INDIANAPOLIS — During the Olympics, we've heard so many stories of athletes overcoming the odds to reach their potential.
And there's an Indianapolis man who embodies that same spirit, not as an athlete, but as a public safety hero.
John Sego's journey went from burn survivor to firefighter, thanks to the experiences he gained and mentors he met at Hoosier Burn Camp.
So perhaps if anyone was meant to be a firefighter, destined to protect people and treat them in tragedy, Sego may be it.
"That's part of who he is, a drive to succeed and a drive to be better. That's who John Sego is at his core," said Indianapolis firefighter/paramedic David Dildine. "He's absolutely one of my favorite success stories."
"I've been gifted with something not a lot of people have experienced in their life," Sego said.
That "gift," as he now views it, is serious physical injury: third-degree burns he suffered as a child in a garage fire.

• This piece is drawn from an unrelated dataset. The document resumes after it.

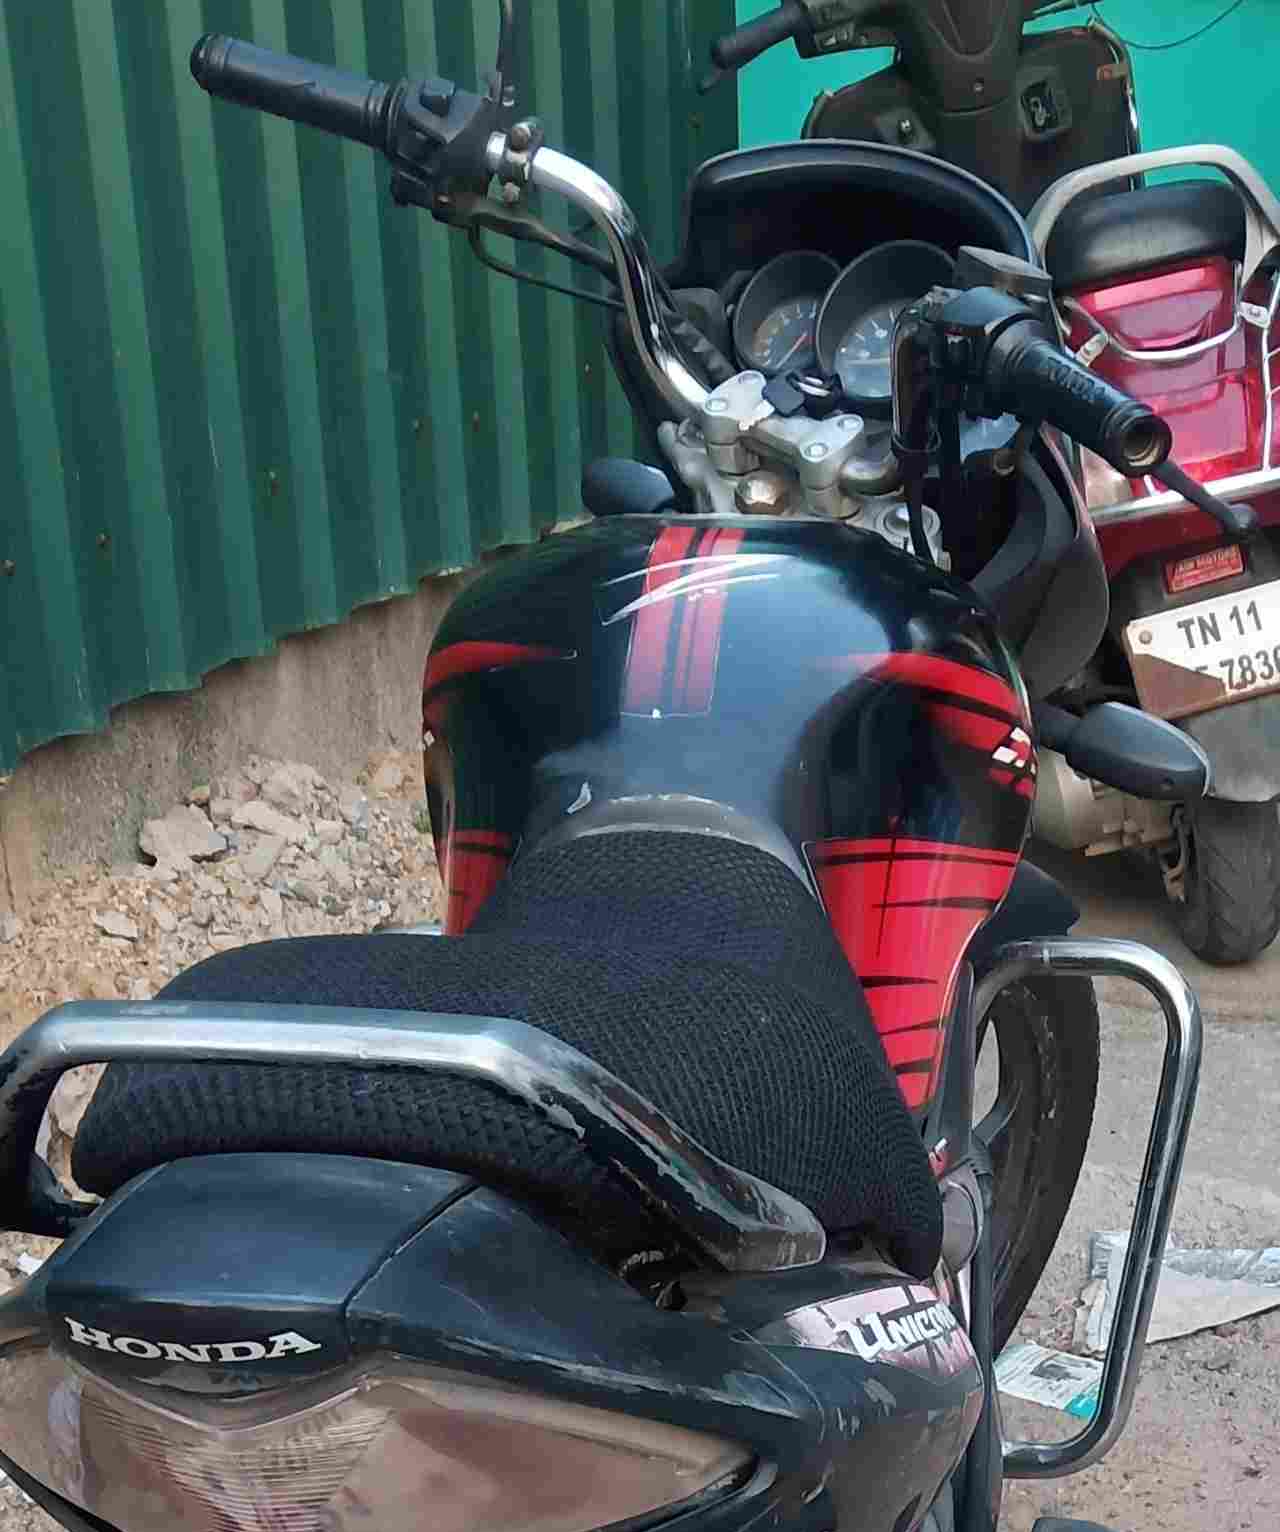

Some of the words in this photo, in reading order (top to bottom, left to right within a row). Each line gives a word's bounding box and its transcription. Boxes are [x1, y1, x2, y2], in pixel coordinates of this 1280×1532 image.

[1177, 612, 1222, 649] TN
[1229, 600, 1262, 636] 11
[64, 1316, 322, 1362] HONDA

"Up here on my shoulder, on my left hand here, on both my legs down here," Sego said, pointing out his scars. "Also my left hip, some of my face. I was playing with gasoline and a lighter, so not necessarily the smartest thing to do, but unsupervised kid just curious. Now I definitely am happy what happened happened, because I'm where I'm at today because of it."
His journey, Sego said, had a butterfly effect: from survivor to mentor to firefighter. The key was a week-long summer camp that changed his life.
Hoosier Burn Camp is where he met counselor and now-fellow firefighter David Dildine.
"I started in 2008, which John would have been 13 at the time," Dildine said.
"I think his first year was my first year," Sego added.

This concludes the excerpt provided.